Impact social : la Fondation CDG distingue trois associations d’excellence
La Fondation CDG a organisé, jeudi à Rabat, la cérémonie de remise du Prix CDG – Impact Social, couronnant trois associations lauréates parmi 15 accompagnées dans le cadre d’un bootcamp dédié au pilotage par l’impact et au renforcement de la culture de la mesure d’impact.
Cette initiative s’inscrit dans le cadre du renforcement des capacités du tiers secteur marocain en matière d’évaluation et de mesure d’impact social, un axe stratégique de la Fondation visant à valoriser le rôle clé des associations dans la création de valeurs sociales et économiques.

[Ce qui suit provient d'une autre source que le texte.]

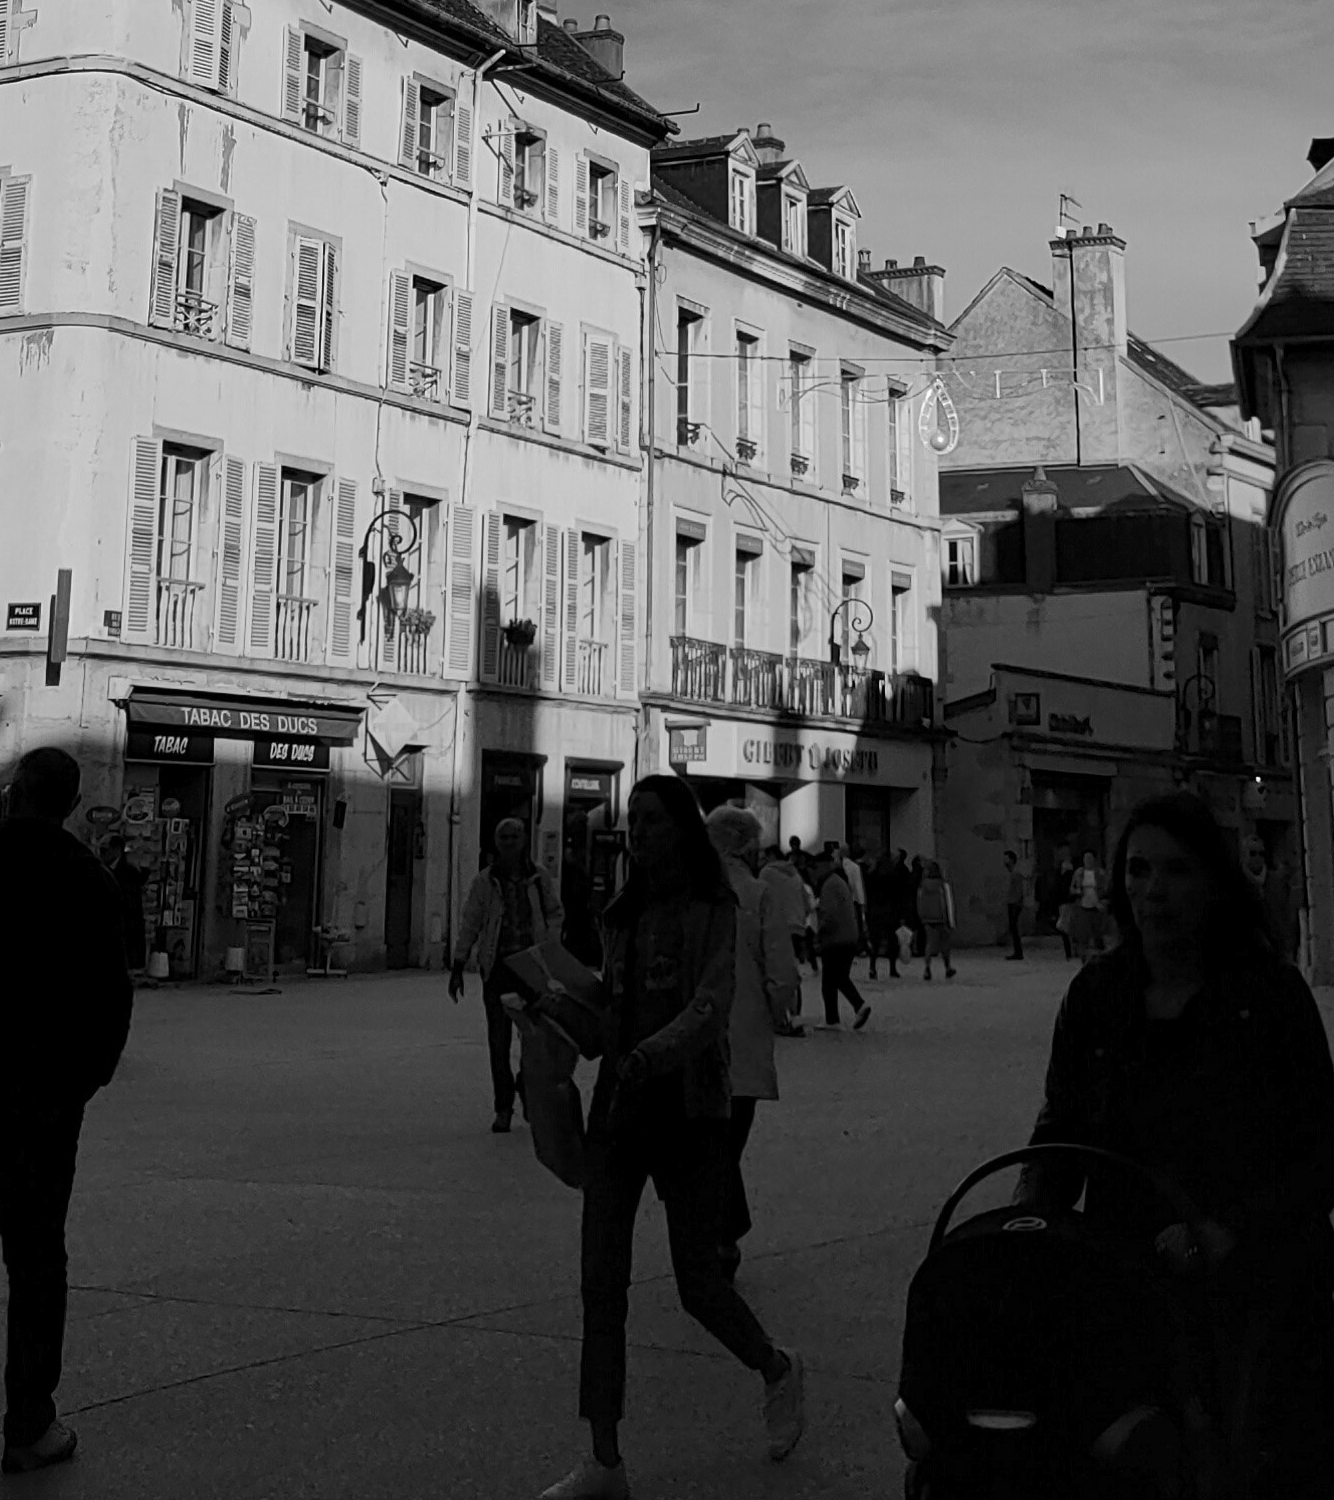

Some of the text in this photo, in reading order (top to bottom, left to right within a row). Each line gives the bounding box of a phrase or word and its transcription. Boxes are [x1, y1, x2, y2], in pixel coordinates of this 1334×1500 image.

Tenue en présence de hauts responsables et partenaires de l’écosystème associatif, la cérémonie a été marquée par la remise des certificats “Évaluation et mesure d’Impact social” aux 15 associations bénéficiaires du programme, ainsi que par l’annonce des trois lauréats, à savoir “la Fondation SANADY”, “AIDECA” et “l’Amicale Marocaine des Handicapés (AMH)”. Six associations ont accédé à la finale de cette première édition qui a enregistré la candidature de 84 organisations.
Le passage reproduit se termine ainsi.